__Problem requirements__. Transcribe the data that follows without changing a word, and omit the pictures.

☆ ☆ ☆

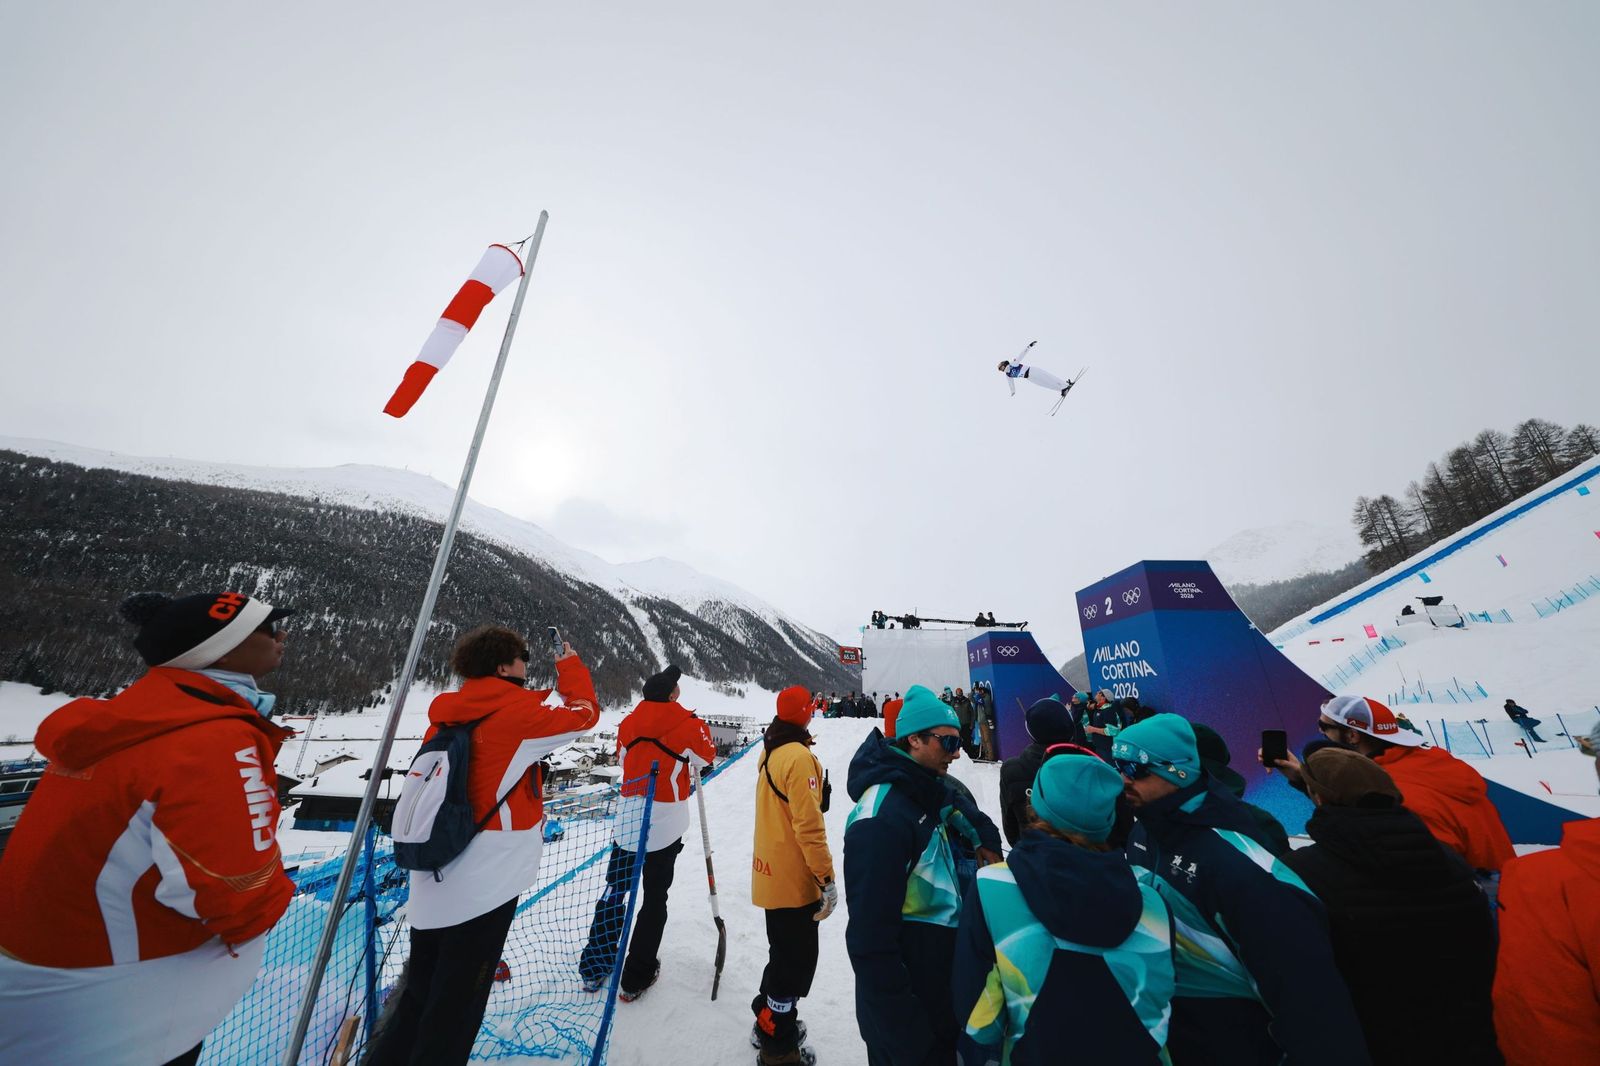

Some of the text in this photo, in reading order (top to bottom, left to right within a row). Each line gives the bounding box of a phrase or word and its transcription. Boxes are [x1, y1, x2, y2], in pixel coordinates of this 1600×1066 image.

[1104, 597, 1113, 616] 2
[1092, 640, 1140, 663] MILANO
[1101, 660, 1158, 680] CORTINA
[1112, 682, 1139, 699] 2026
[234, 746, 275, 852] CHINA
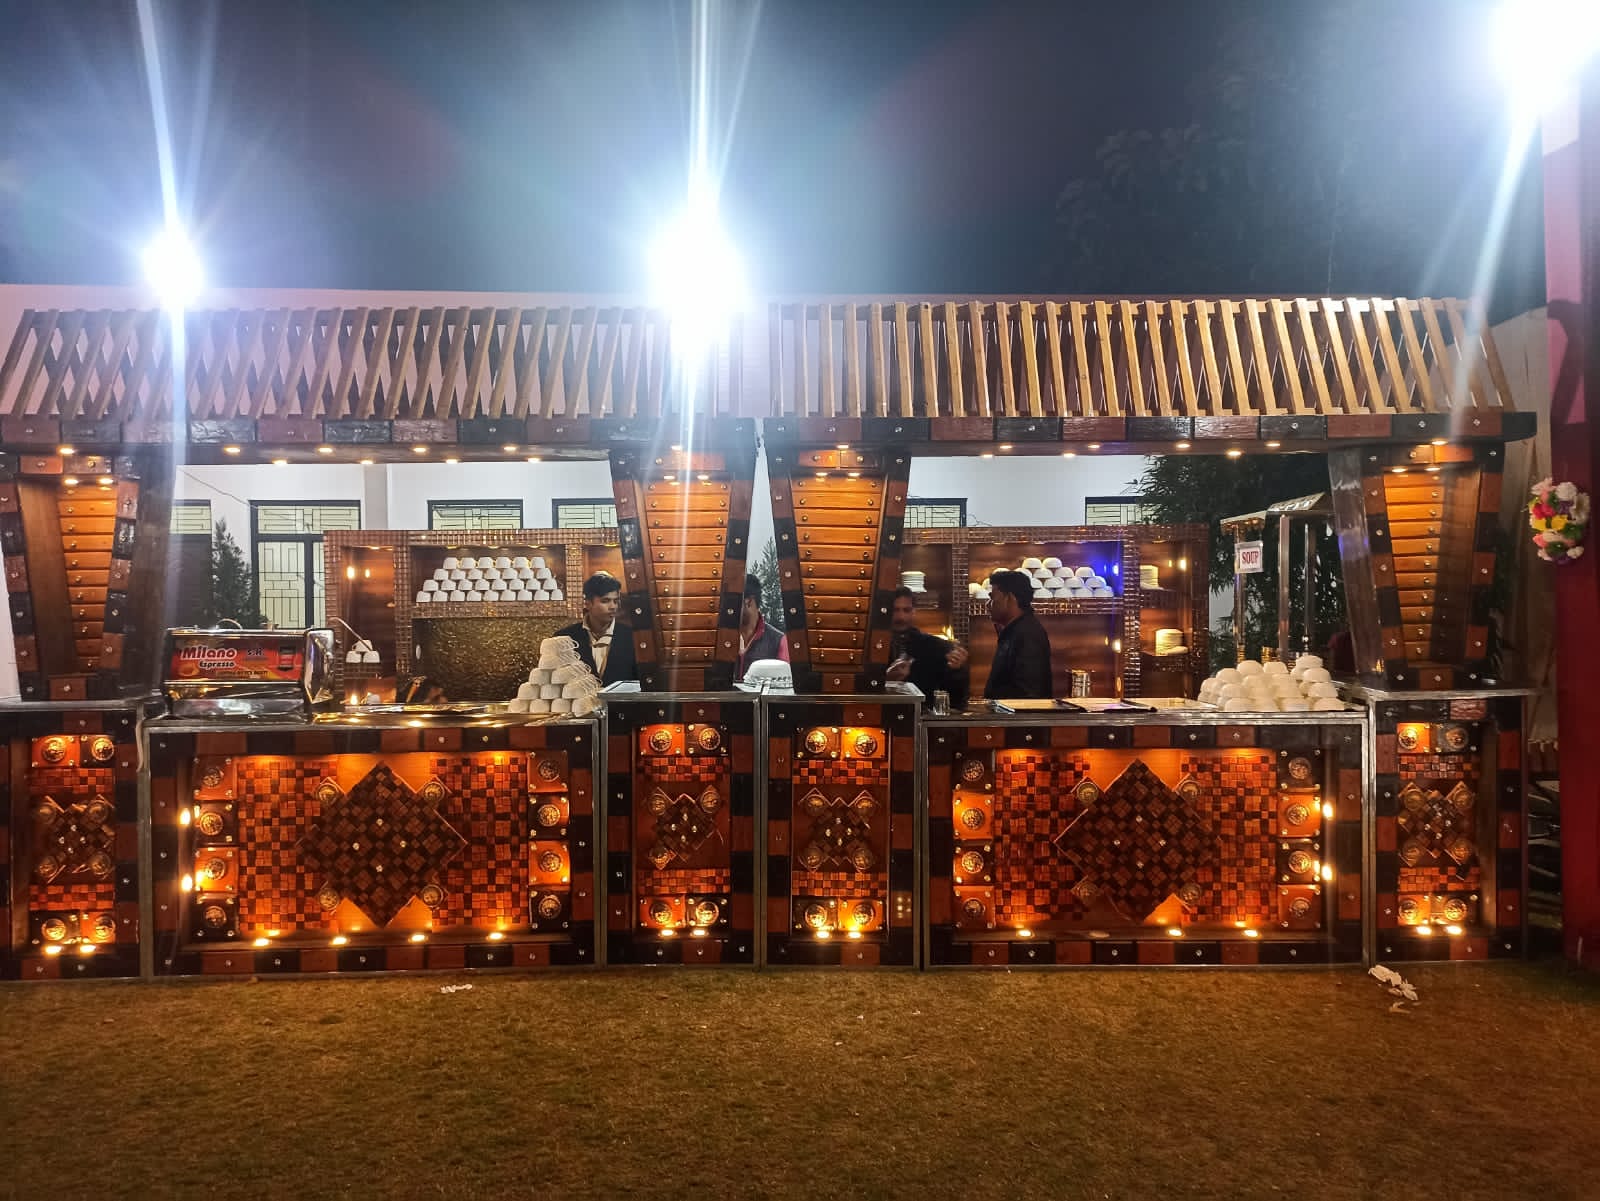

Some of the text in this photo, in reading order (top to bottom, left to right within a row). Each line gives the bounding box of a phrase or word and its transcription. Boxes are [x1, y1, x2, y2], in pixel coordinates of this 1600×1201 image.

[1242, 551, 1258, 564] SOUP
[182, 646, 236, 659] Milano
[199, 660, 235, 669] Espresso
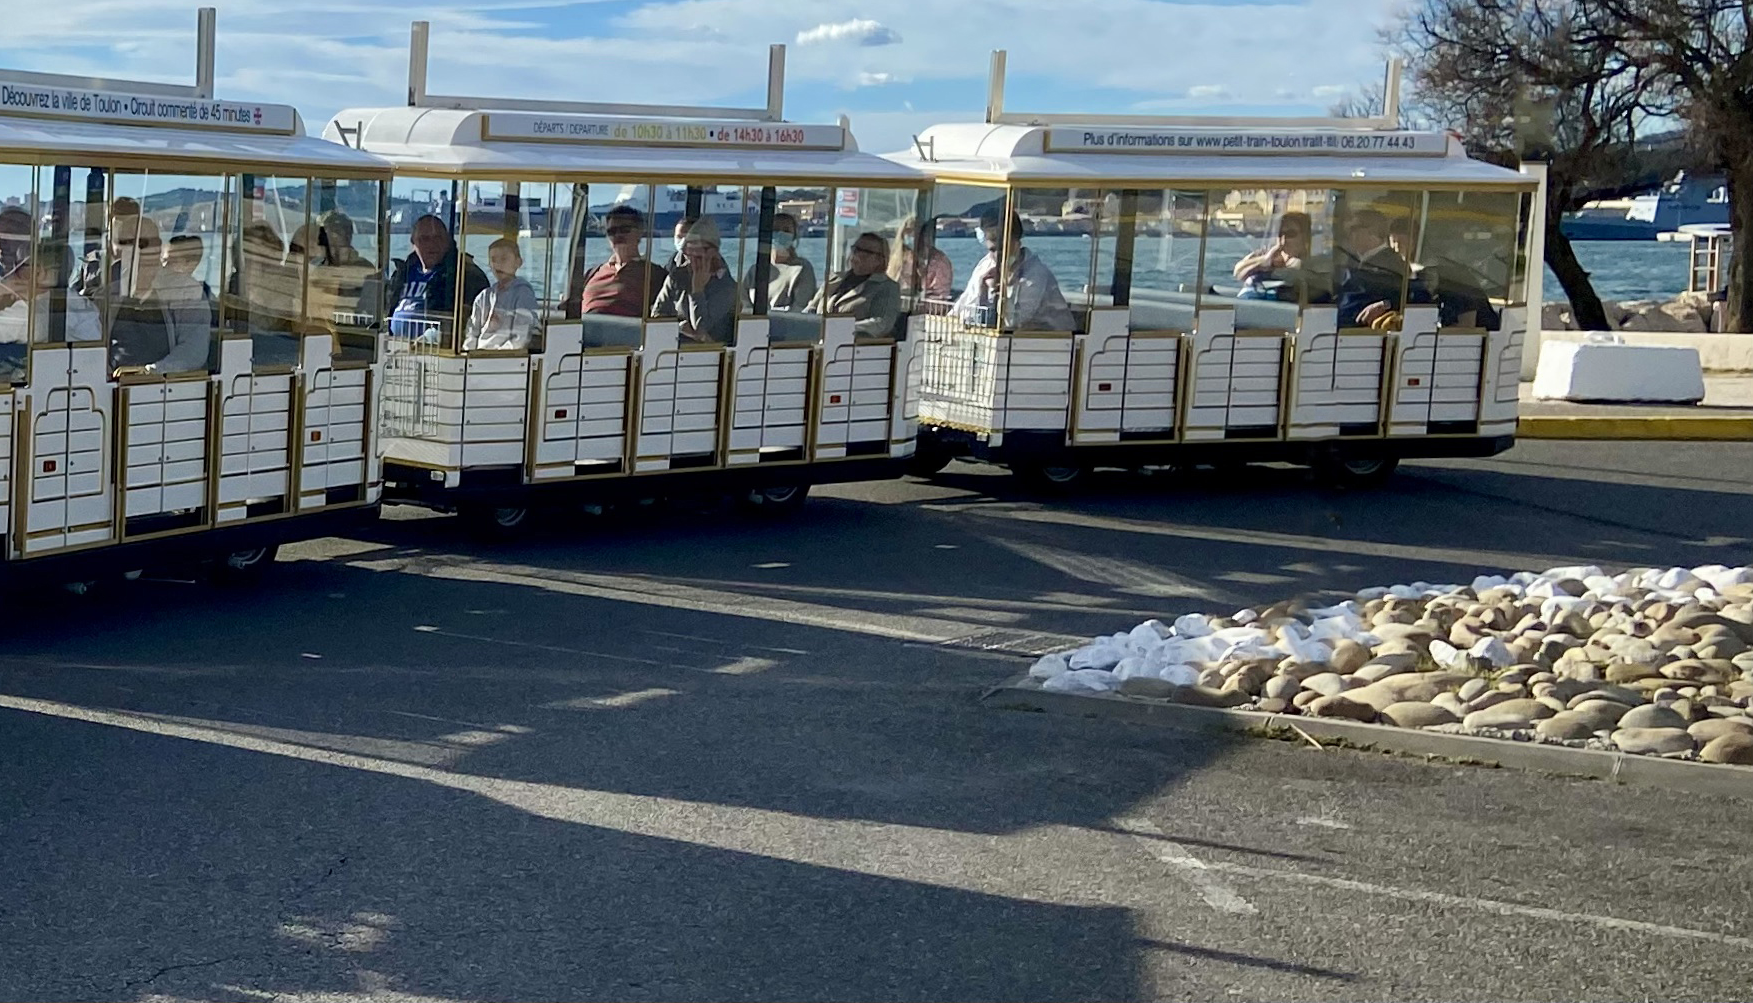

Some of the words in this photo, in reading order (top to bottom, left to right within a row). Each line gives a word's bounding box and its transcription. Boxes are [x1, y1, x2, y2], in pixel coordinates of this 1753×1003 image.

☆ ☆ ☆

__Task answer__.
Some of the text in this photo, in reading order (top to bottom, left to right within a row). Each line gives the bounding box of a phrase or word and its transcription. Boxes are [x1, y1, x2, y2], in pixel coordinates of this 1600×1066 image.

[1104, 597, 1113, 616] 2
[1092, 640, 1140, 663] MILANO
[1101, 660, 1158, 680] CORTINA
[1112, 682, 1139, 699] 2026
[234, 746, 275, 852] CHINA

Some of the text in this photo, in reading order (top to bottom, left to right within a row). Each line gives the bounding box of a phrase or word and its transcription. Boxes are [x1, y1, x2, y2], in pixel coordinates of this 1600×1201 image.

[1242, 551, 1258, 564] SOUP
[182, 646, 236, 659] Milano
[199, 660, 235, 669] Espresso

Some of the words in this photo, in reading order (top to bottom, left to right within a row). Each line gives a word's bounding box and its transcription. Boxes are [x1, y1, x2, y2], in pixel coordinates of this 1753×1003 image.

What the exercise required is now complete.